On the night of the flood the wind whistled hard through the keyhole, very hard. It moaned like a ghost and that should have been the warning that all was not well. Water started to seep under the door. So mother started to sweep it back with a broom! But the more she swept the more the sea came in!

Mother and Father carried the tables and chairs to the back of the restaurant where we had a makeshift living room and brought the tinned and packet stuff upstairs. In fact all they could rescue.

At one point Jackie (one of our three cats) was floating about on a table and had to be rescued by my father.

The next day Josie also caught pneumonia and was also carted off to hospital. Mother and father now had three of their children in hospital. One could say "best place for them."

As dawn broke people were being rescued from their homes by boat, especially the elderly. The local fisherman, if their boats hadn't been swept away, joined in the rescue. The local hospital was full and the more serious cases had to be taken to Canterbury Hospital. Local halls were taken into service and hot meals were served to the homeless. The devastation was total. A fridge that was owned by Mr White at the Cardinal Restaurant (next door to us. See photo) was taken up and swept into the back of the Café Tudor at least 500 yards away. Boats were smashed to matchwood and the whole of the seafront was awash with shingle and broken glass. Those boats that survived were Seagull 2nd, owned by my hero Pop Pressley, The Skylark owned by Jess Mount, The King Fisher owned by Johnny Heathcote and the Swordfish owned by Bill Buck who looked like Clarke Gable on a bad day. All the boats were damaged in some way but on the whole they came through the storm relatively unscathed.

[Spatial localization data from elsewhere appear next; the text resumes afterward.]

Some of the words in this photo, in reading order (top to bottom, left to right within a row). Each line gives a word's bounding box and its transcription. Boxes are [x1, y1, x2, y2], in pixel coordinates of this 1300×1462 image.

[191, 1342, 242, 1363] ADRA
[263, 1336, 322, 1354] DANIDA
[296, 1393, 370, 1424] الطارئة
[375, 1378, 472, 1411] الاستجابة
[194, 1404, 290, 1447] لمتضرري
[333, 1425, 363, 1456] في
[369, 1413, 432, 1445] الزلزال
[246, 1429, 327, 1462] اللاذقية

Fireman worked day and night to pump out the flooded cellars, including ours. Years later the salt still came through the brickwork in our cellar where we stored the potatoes for the chips that we sold by the ton.
 

Kevin and The Giant Jellyfish and Assorted Incidents

"Don't look in his eyes," I counselled, "You can fight just as well as he can. Don't let him get to you." I knew that my younger brother Kevin had quite a temper on him and could handle himself well in a fight. His opponent was Chris Bailey (he of Bouncerfame a few chapters back). When Chris lost his temper his eyes bulged and he flushed red. When Kevin lost his temper he would literally jump at quarry with no warning, having first built up a head of steam, then give a flurry of blows. But Chris Bailey was his nemesis.

Chris was a fearsome sight, eyes bulging and shaking with uncontrollable rage. The very sight of him in this condition made Kevin back away. "Listen to me, Kev. Stay calm, don't look in his eyes and you can beat him," I said from the safe confines of my wheelchair, "he's a bully, that's all, just a bully." Kev, it seemed, had done something to upset Chris, made him lose face in front of his mates or something and Chris was gunning for him. They planned to meet by the grass slope at the last Big Bingo, as we called it, by Lane End.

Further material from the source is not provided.